Gameplay in Empire Earth takes place in a turn-based fashion.

Empire Earth gives the player control of four types of units, each that varies and changes in different epochs. The standard soldier, which can be useful for building new structures, ranged units, heavy support units, and aerial units. The latter of the four is only available in later epochs.

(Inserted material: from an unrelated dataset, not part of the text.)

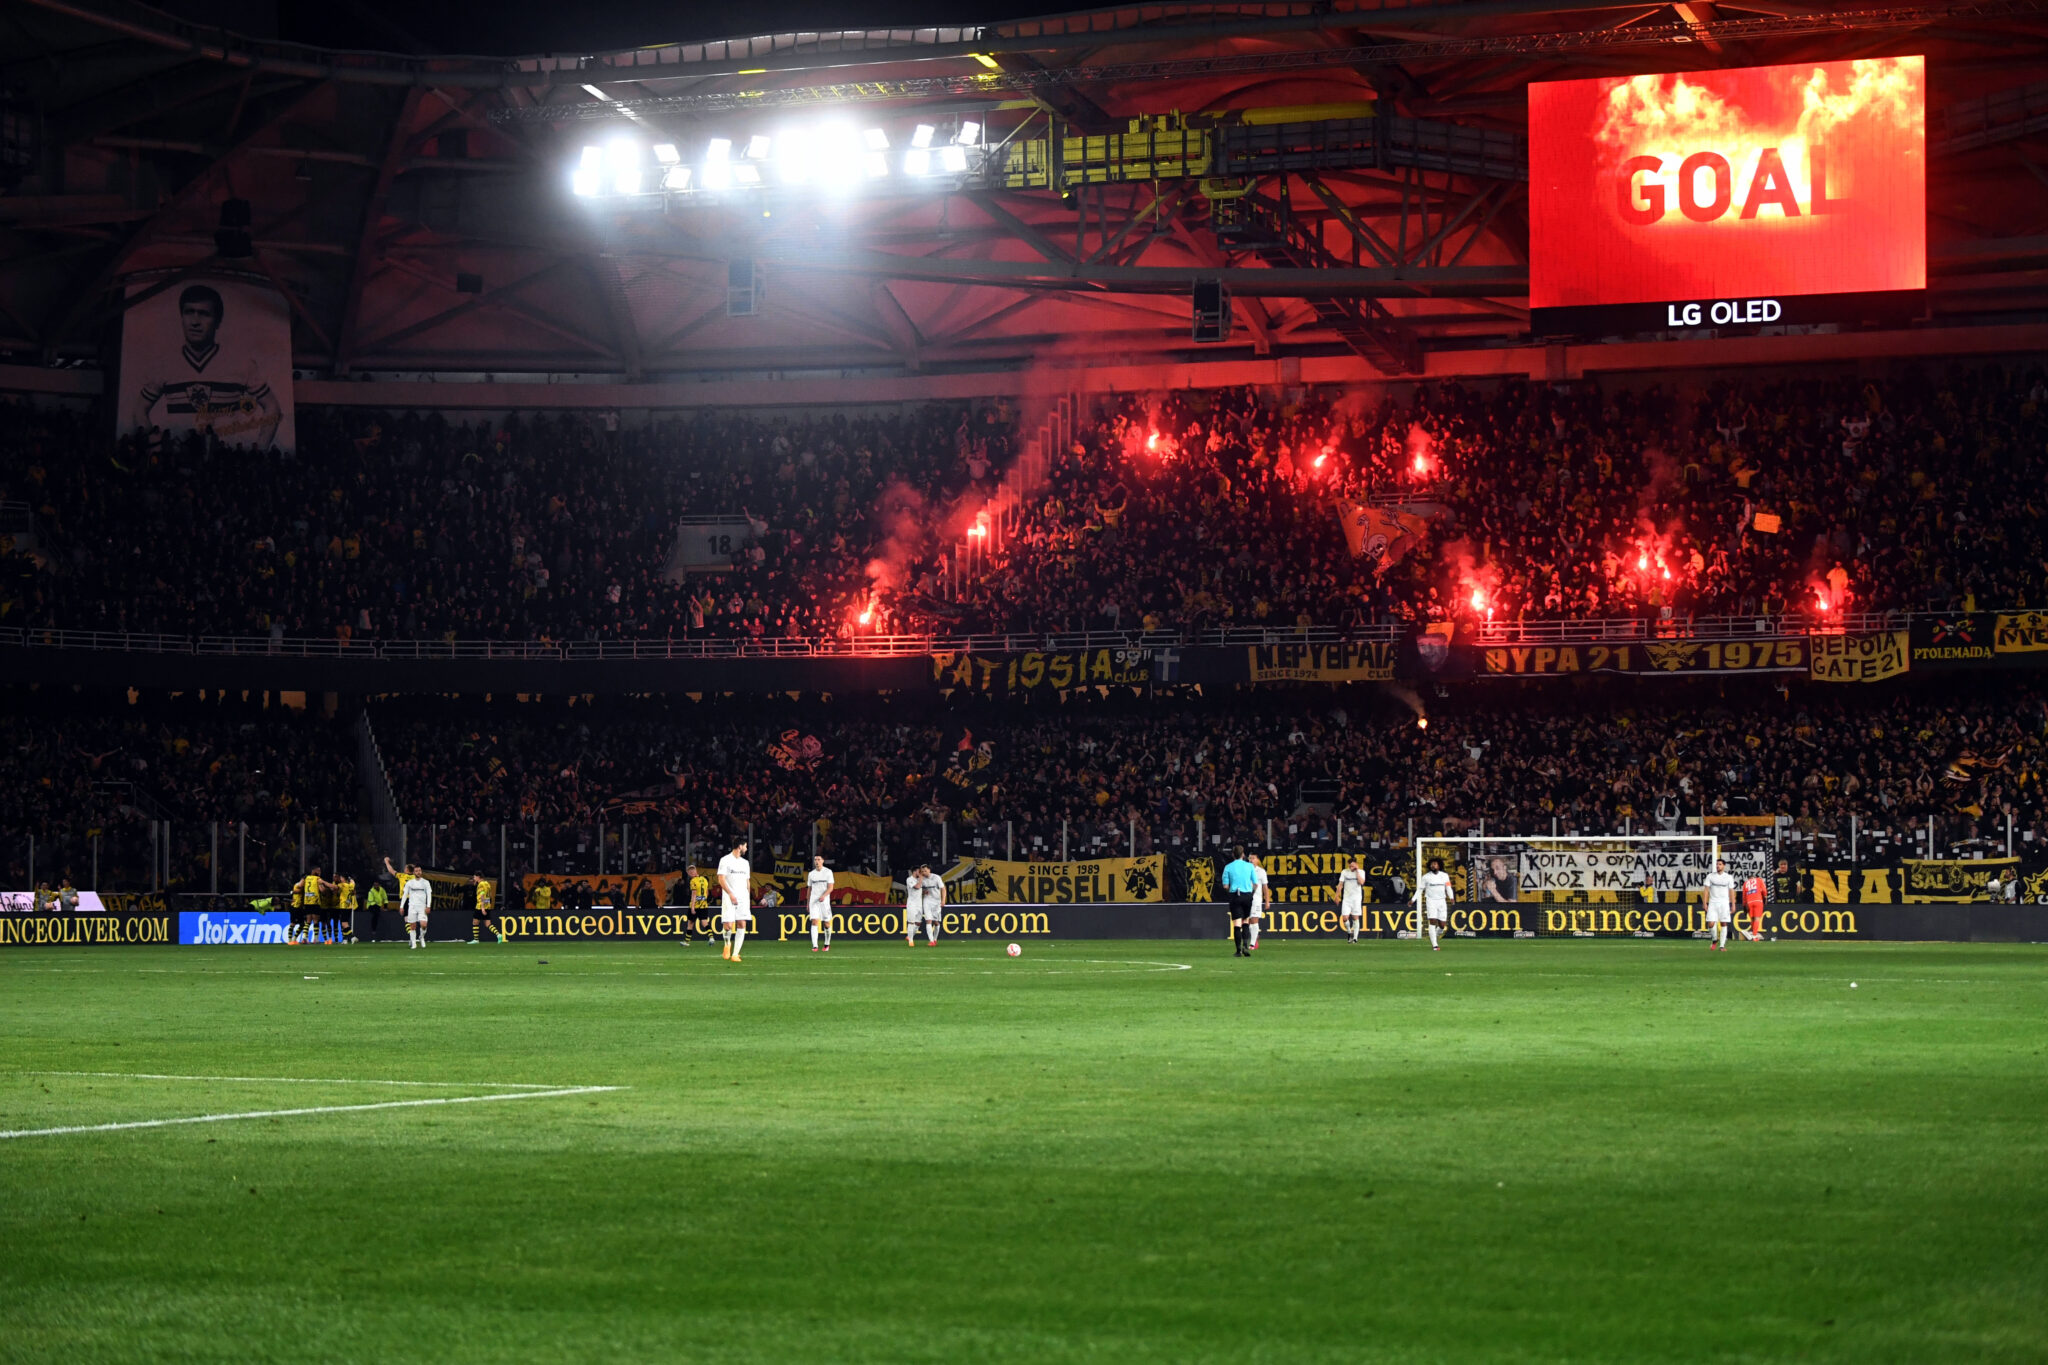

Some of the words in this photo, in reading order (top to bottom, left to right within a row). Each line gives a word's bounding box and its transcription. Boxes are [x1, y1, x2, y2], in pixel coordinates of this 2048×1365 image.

Empire Earth has three game modes: adventure, skirmish and multiplayer. Adventure mode takes the player though eight campaign levels, totaling 2,000 years of human history. It begins in the Prehistory and finishes in the Nano Age, similar to other games in the franchise. Skirmish is a free-for-all solo battle, with multiplayer mode introducing the possibility of two player combat.

==Development==
Empire Earth, upon release, was the seventh Vivendi title to be ported and the one of three that year based on major franchises.

==Reception==
Empire Earth was well received. IGN gave it a 7.4 out of 10, and commented "Empire Earth Mobile is a slower paced mobile game that's not exactly suited for quick pick-up-and-play sessions." but "If you are looking for a mobile game, though, that is decidedly meatier than, say, solitaire or Tetris, Empire Earth Mobile does offer some solid play." Mobile gamer said "In short, Empire Earth is an interesting new take on strategy" and "it's not difficult to recommend."